Costs & verdict
Everyday costs, plus how reliable and safe it is
Costs, insurance groups, MPG and CO2
The 60 version of the Skoda Enyaq is very well priced compared with similar-sized electric rivals. It even qualifies for a £2500 grant from the Government – something you won’t get on any Ford Mustang Mach-E or VW ID.4. Indeed, if you want an electric SUV for less money, you’ll need to go for something a lot smaller (think Hyundai Kona Electric, Kia e-Niro or MG ZS EV).
Despite having a larger battery, the 80 version is less compelling, partly because it’s more expensive to start with but also because it doesn’t qualify for any government support. It’s still cheaper than equivalent versions of the ID.4 and Mach-E, though.
Equipment, options and extras
Even the smaller battery 60 version gets a few good luxuries as standard, including dual-zone climate control, 19in alloys, power-folding door mirrors, auto-dimming mirrors and cruise control.

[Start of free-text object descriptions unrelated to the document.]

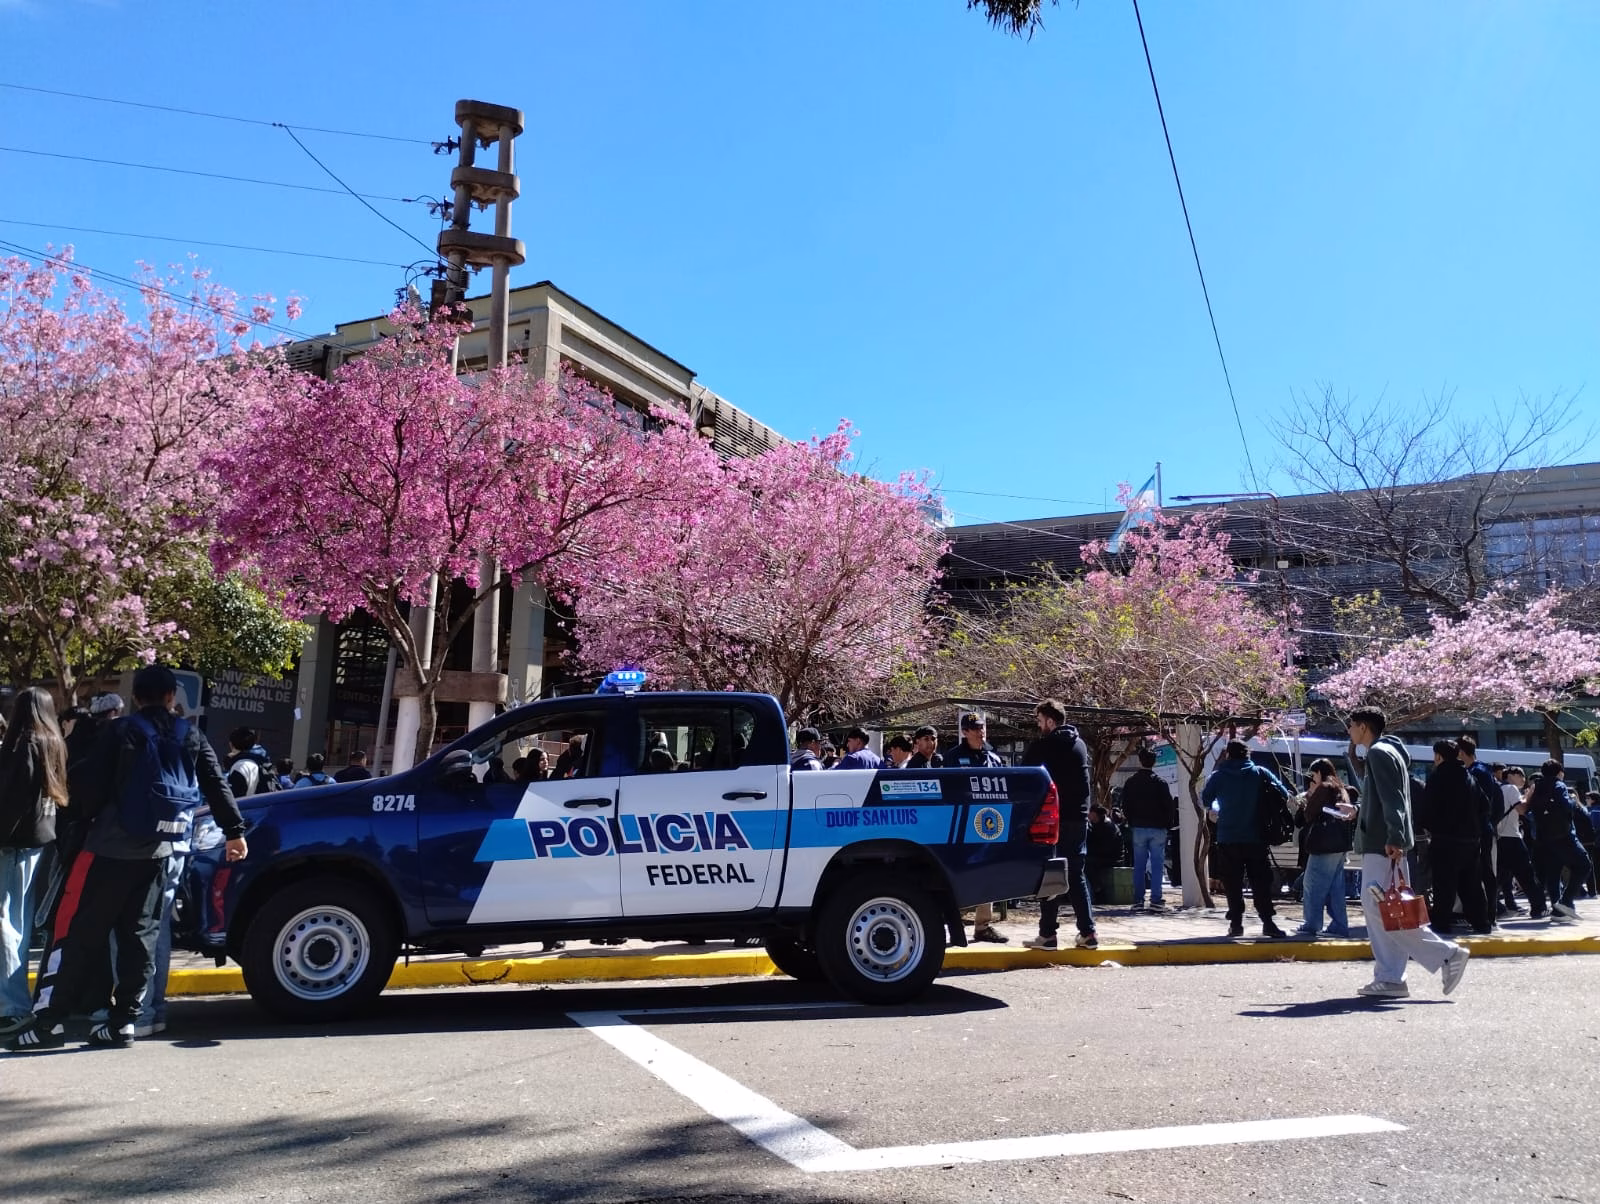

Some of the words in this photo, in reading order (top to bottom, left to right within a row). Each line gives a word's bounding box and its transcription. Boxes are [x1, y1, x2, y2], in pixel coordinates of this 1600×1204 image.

[212, 683, 273, 701] NACIONAL
[275, 691, 292, 703] DE
[210, 695, 236, 710] SAN
[238, 700, 265, 713] LUIS
[917, 781, 938, 792] 134
[981, 776, 1008, 792] 911
[372, 794, 416, 811] 8274
[825, 810, 860, 828] DUOF
[862, 809, 889, 826] SAN
[890, 808, 918, 825] LUIS
[527, 812, 751, 858] POLICIA
[646, 862, 755, 886] FEDERAL
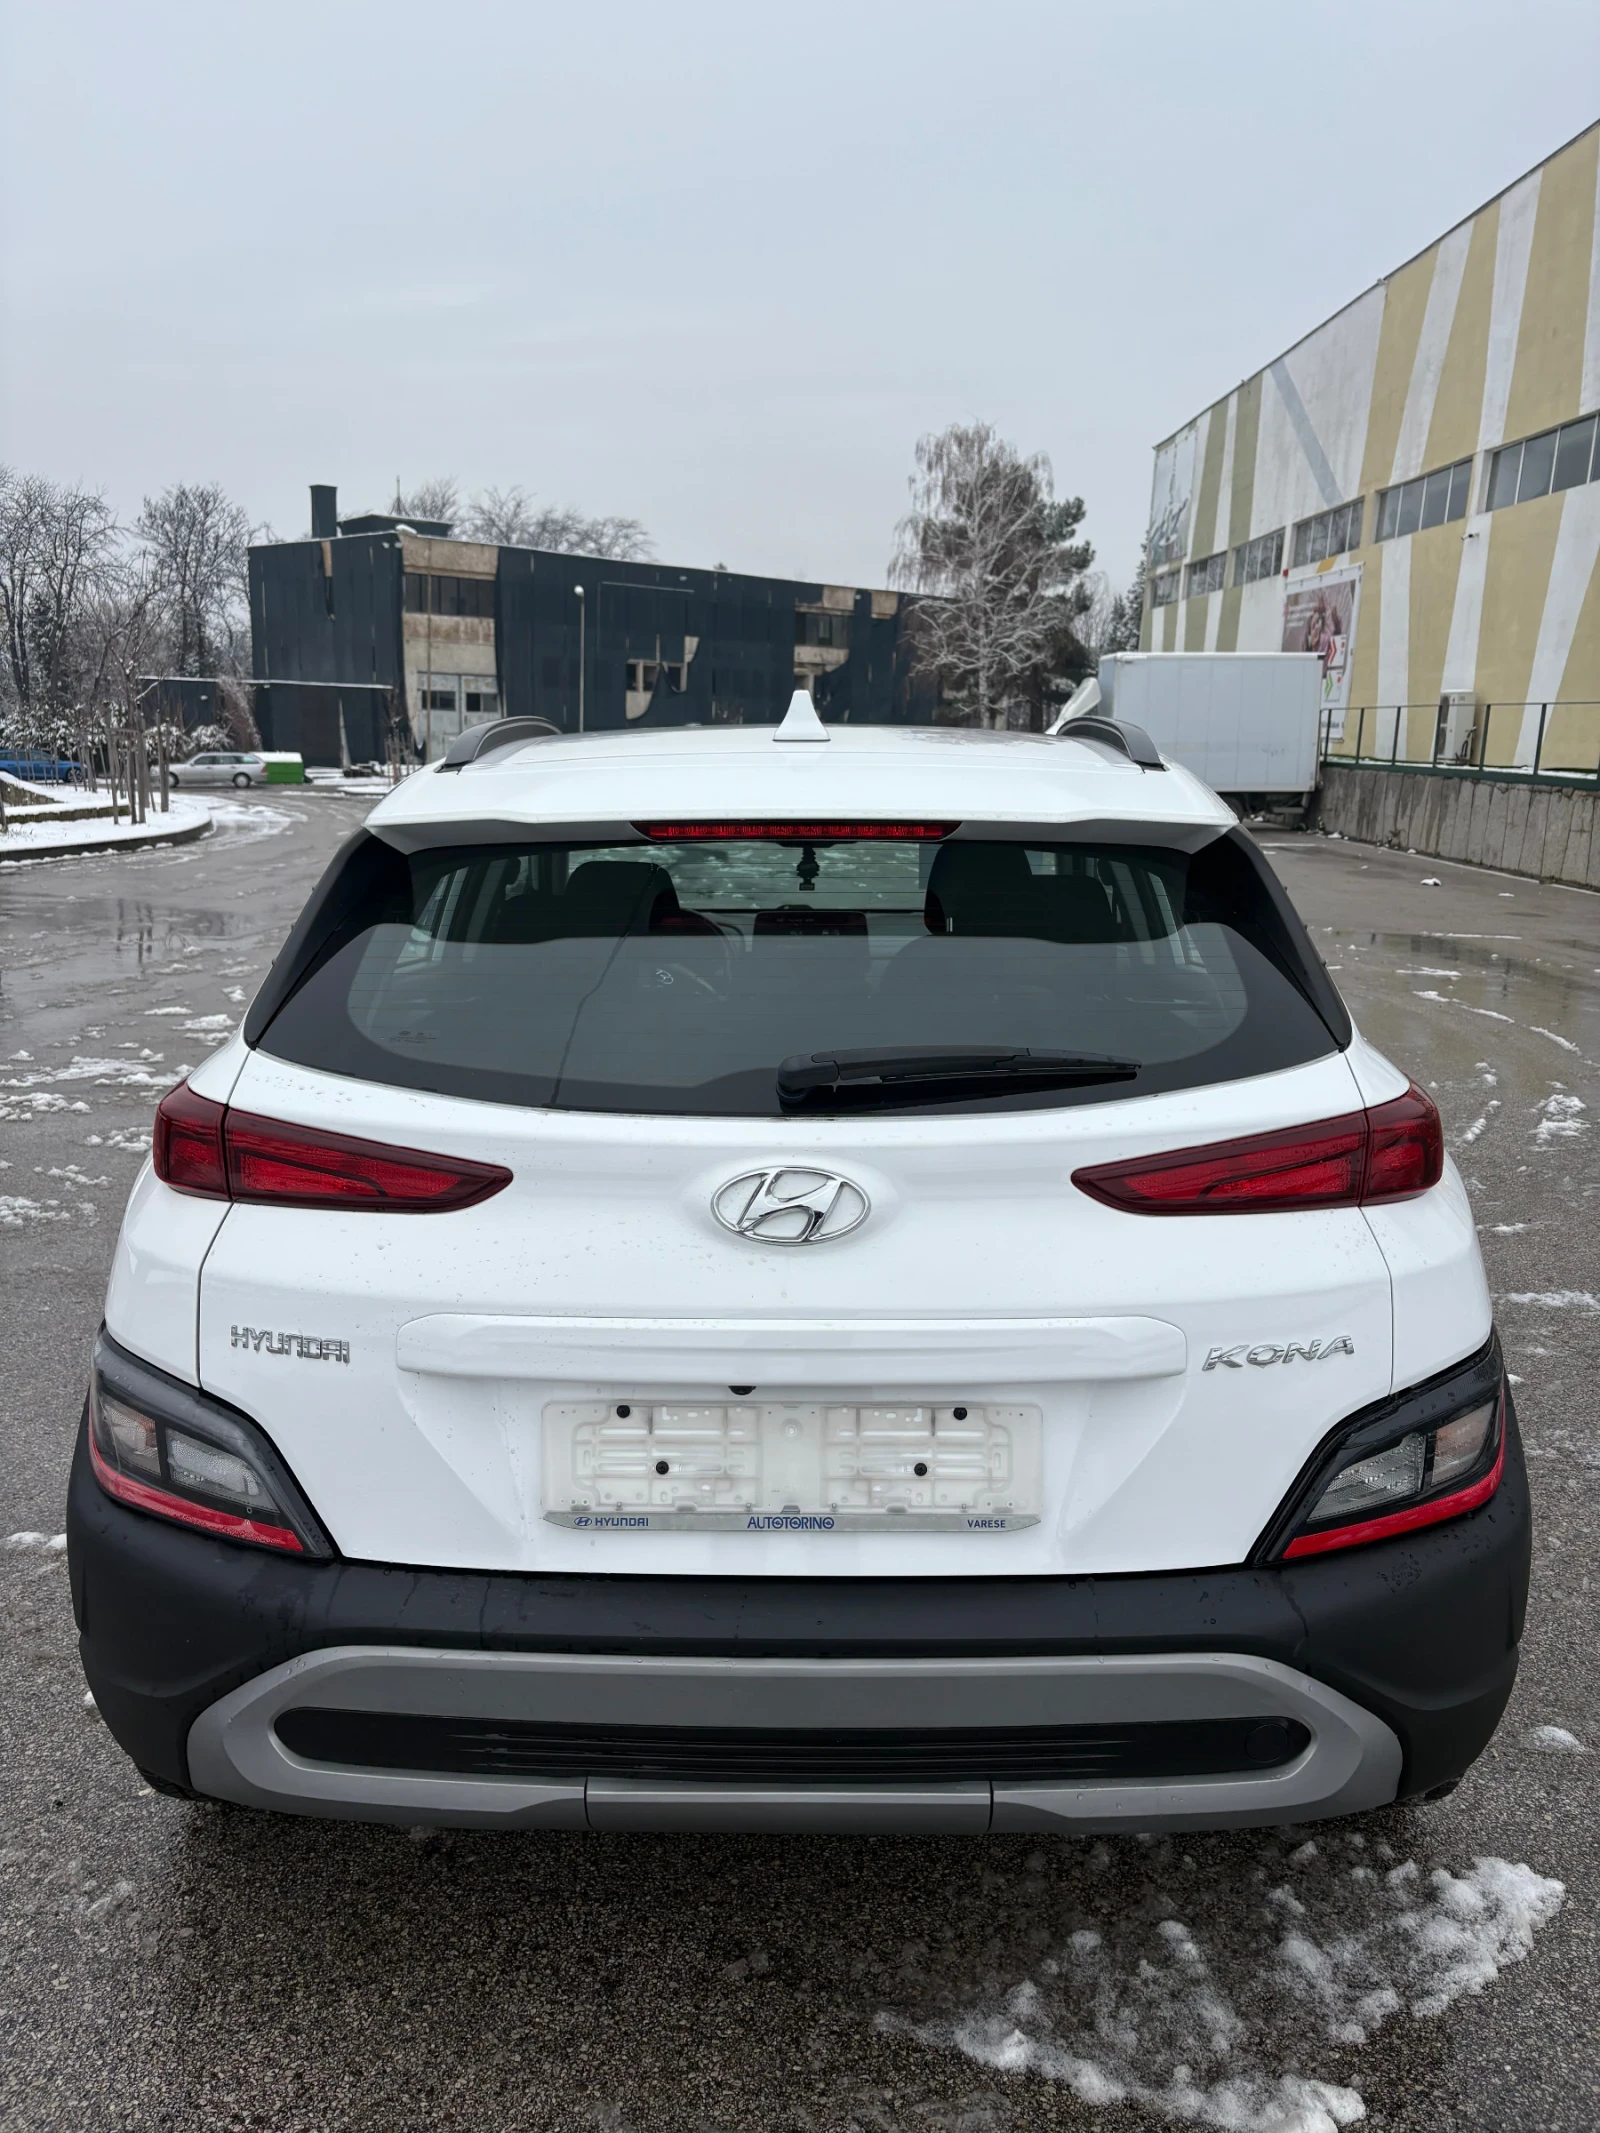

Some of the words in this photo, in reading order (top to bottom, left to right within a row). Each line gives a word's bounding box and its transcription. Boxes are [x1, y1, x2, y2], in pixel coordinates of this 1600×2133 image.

[230, 1325, 350, 1364] HYUNDAI
[1202, 1335, 1355, 1371] KONA
[595, 1517, 649, 1527] HYUNDAI
[747, 1516, 835, 1530] AUTOTORINO
[967, 1519, 1006, 1529] VARESE

Some of the interior packages include leather seats or attractive cloth alternatives for little extra outlay.
The 80 adds steering wheel-mounted paddles, for manually adjusting the level of regenerative braking on the move, along with a heated steering wheel and the extra parking aids we mentioned earlier.
Whichever battery you choose, we’d recommend adding a few option packs, with the Family Package Plus, Climate Package Plus, Transport Package and Parking Package Basic the most recommendable.